Talbot stond op. Hij voelde zich niet plezierig. Hij had gedacht de een of andere aanwijzing te verkrijgen, maar het meisje had hem niets van belang kunnen vertellen. „Luister, sheriff, ik sta dus onder verdenking van moord. Maar die bedreigingen van u bevallen me allerminst. Het zou geloof ik goed zijn als ik een advocaat nam. Het was stom van mij om naar Wickenburg te gaan. Maar het is nu te laat om nog van gedachte te veranderen. Ik had niet gedacht in zo’n gevaarlijke stad terecht te komen.”

Sheriff Talbot sloeg haar aandachtig gade. Dreef ze de spot met hem? Wist ze meer dan ze losliet?

„Wickenburg is een vreedzaam stadje,” merkte hij op. „Bij ons heerst orde en wet. En het is vele weken geleden sinds de laatste schietpartij plaatsvond.” „Aha, dus toch niet zo vreedzaam...” „Kent u Wickenburg?”
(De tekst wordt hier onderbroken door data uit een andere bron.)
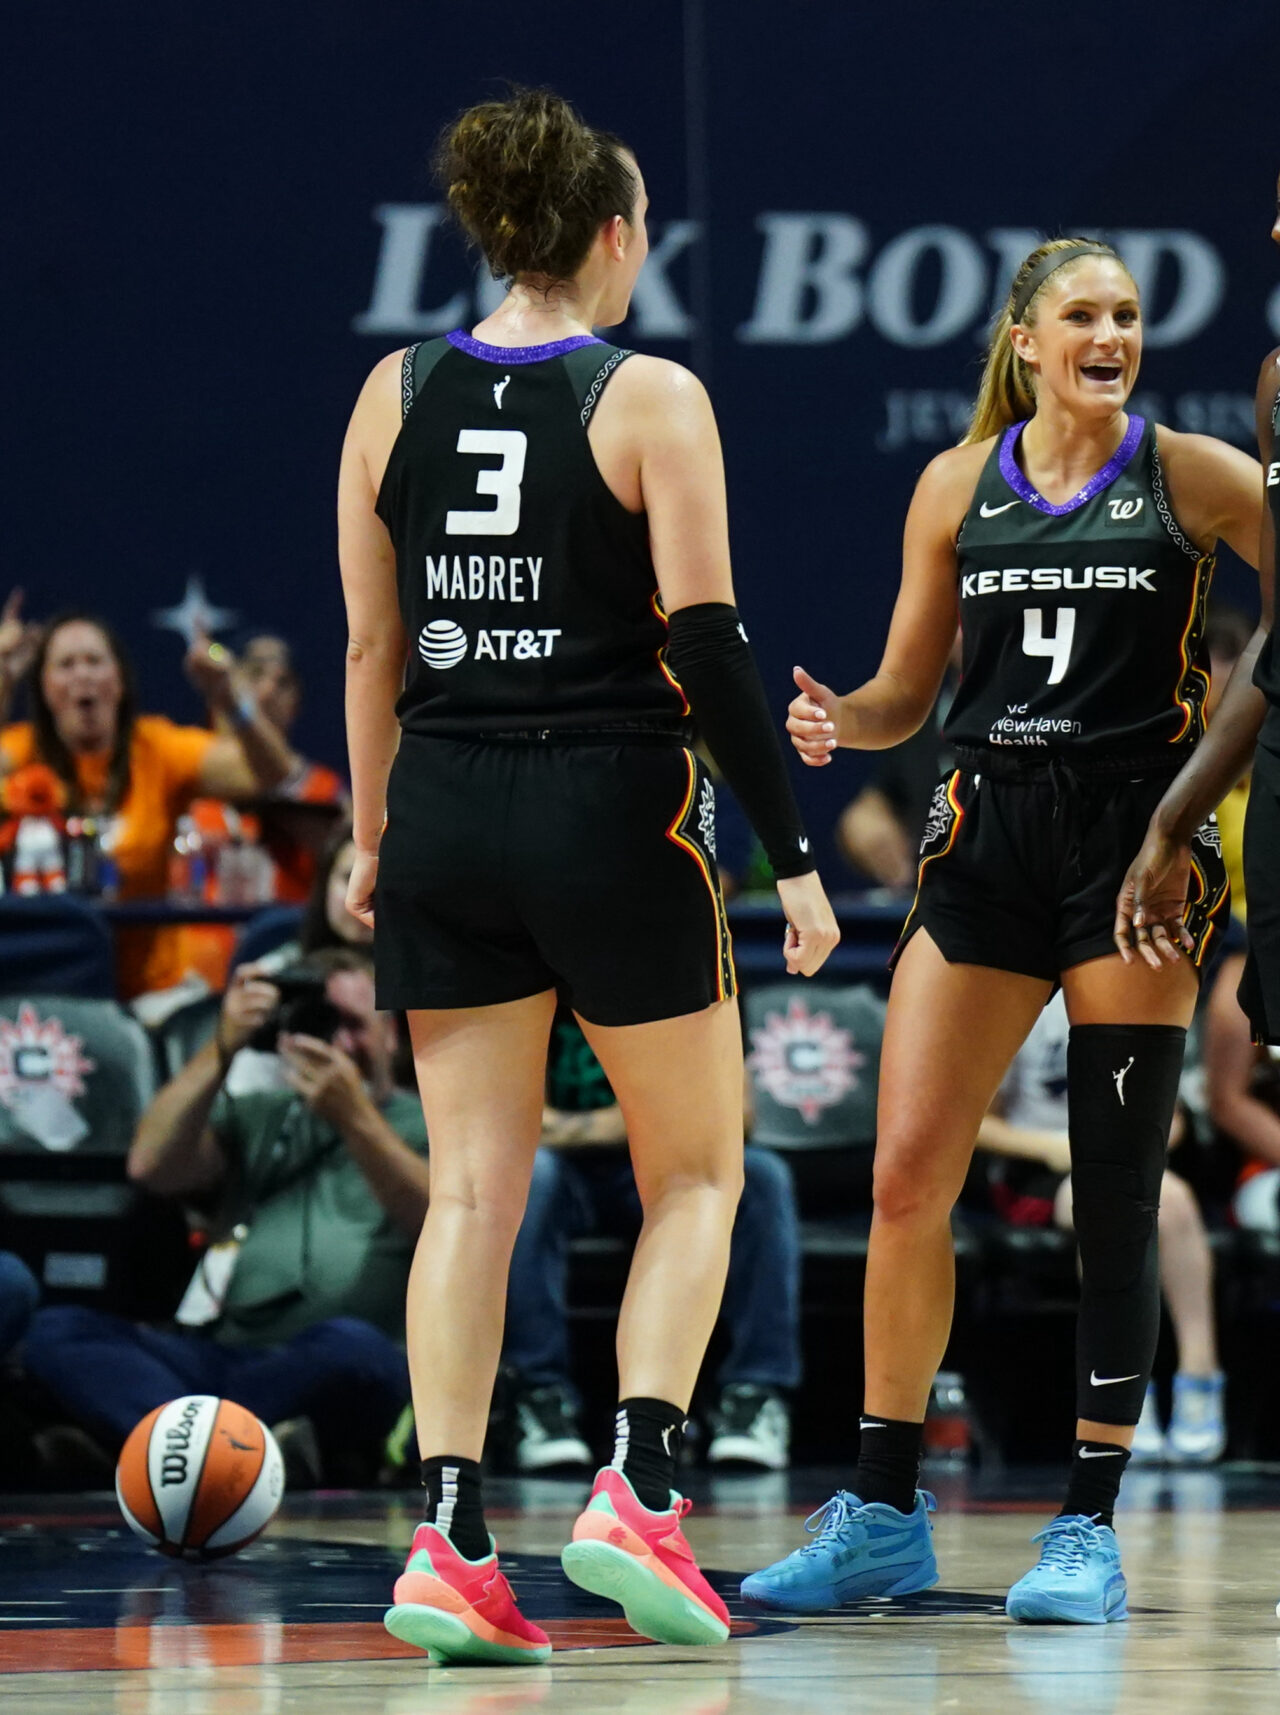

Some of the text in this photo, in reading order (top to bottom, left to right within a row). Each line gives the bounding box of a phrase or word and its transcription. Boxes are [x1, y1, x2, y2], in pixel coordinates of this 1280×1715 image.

[445, 429, 528, 536] 3
[425, 554, 543, 603] MABREY
[961, 566, 1158, 599] KEESUSK
[474, 628, 562, 661] AT&T
[1021, 607, 1076, 685] 4
[991, 716, 1082, 734] NewHaven
[161, 1401, 204, 1488] Wilson
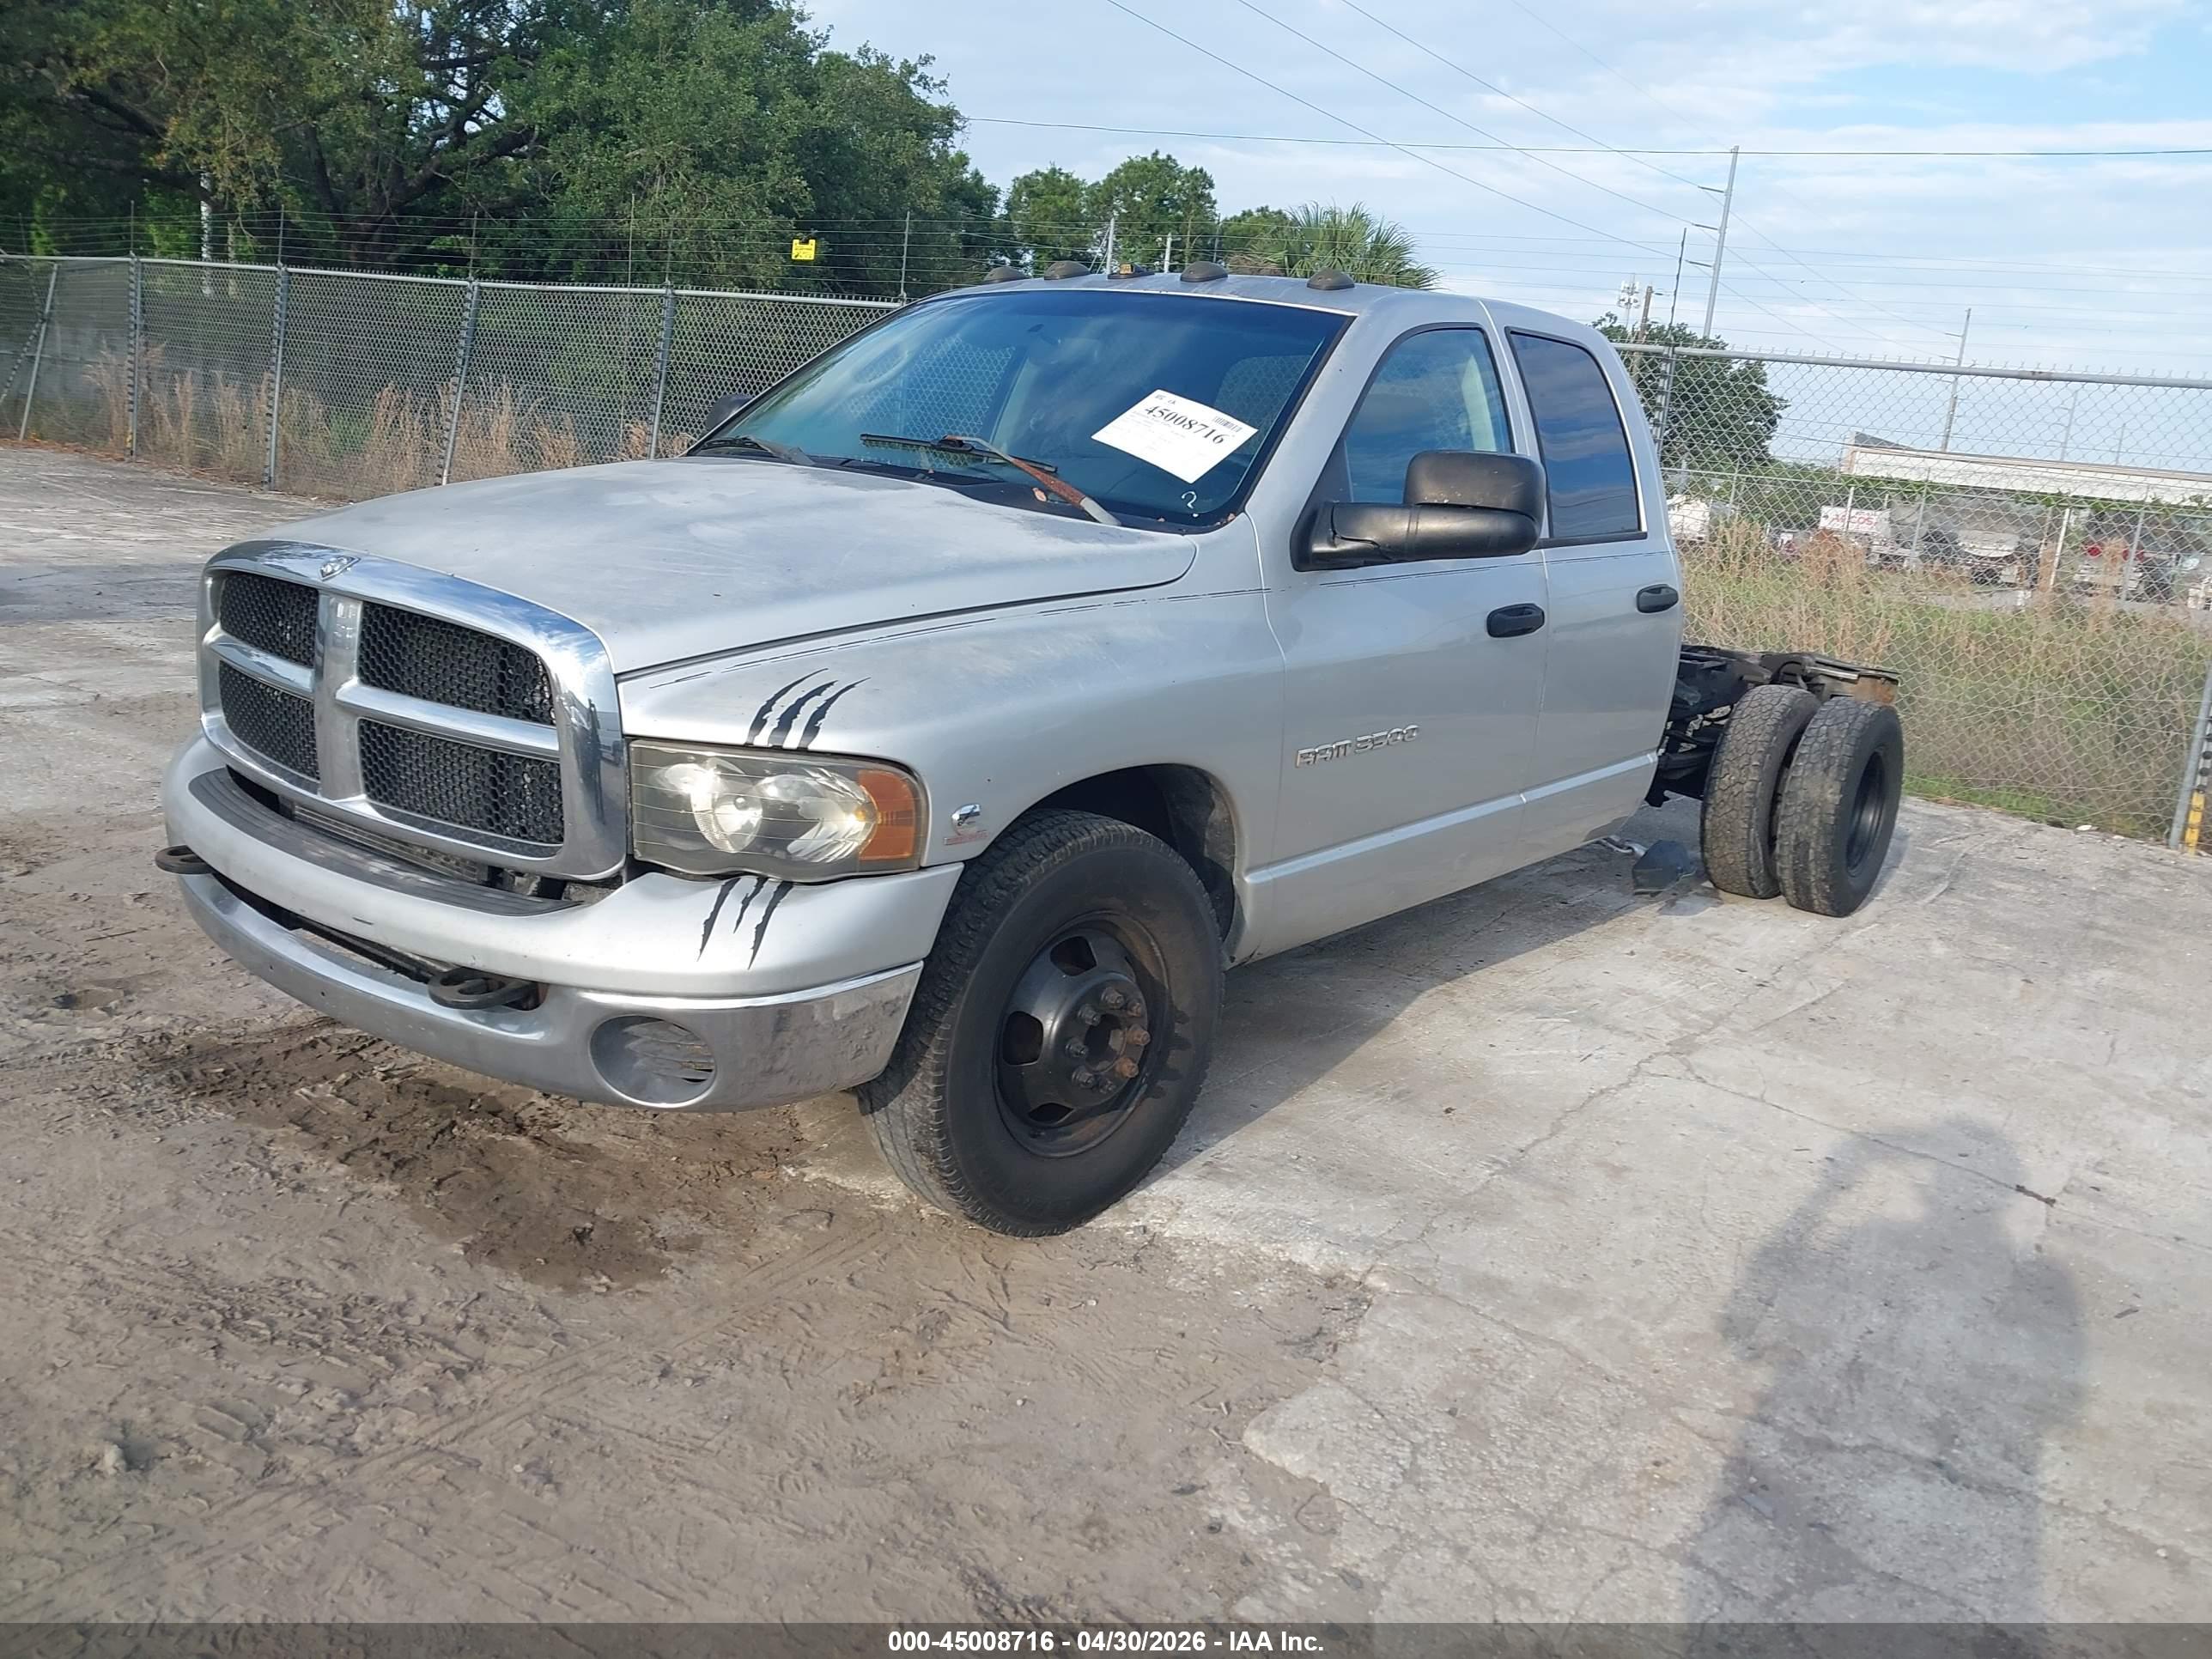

„O, ik heb er wel eens wat over horen vertellen,” zei June Hasting kalm. „Ik vrees echter dat het weinig goeds was. Er is hier een geschiedenis geweest waarin een zekere Gil Lamo de hoofdrol vervulde, meen ik. Ja, ongeveer twee maanden geleden?”

Sheriff Talbot fronste de wenkbrauwen. Dus dit meisje had iets gehoord over die geschiedenis met Gil Lamo? Een bankrover, die bij een overval op Cortin’s kantoor doodgeschoten was. Talbot meende, dat die geschiedenis van Gil Lamo de gemoederen sinds lang niet meer bezighield. Maar nu werd die naam weer genoemd. En wel door een jong meisje. Was dat toeval?

„Wat weet u van die zaak, miss Hasting?” „Niets... alleen dat hij in Wickenburg gedood werd.” „En verder?”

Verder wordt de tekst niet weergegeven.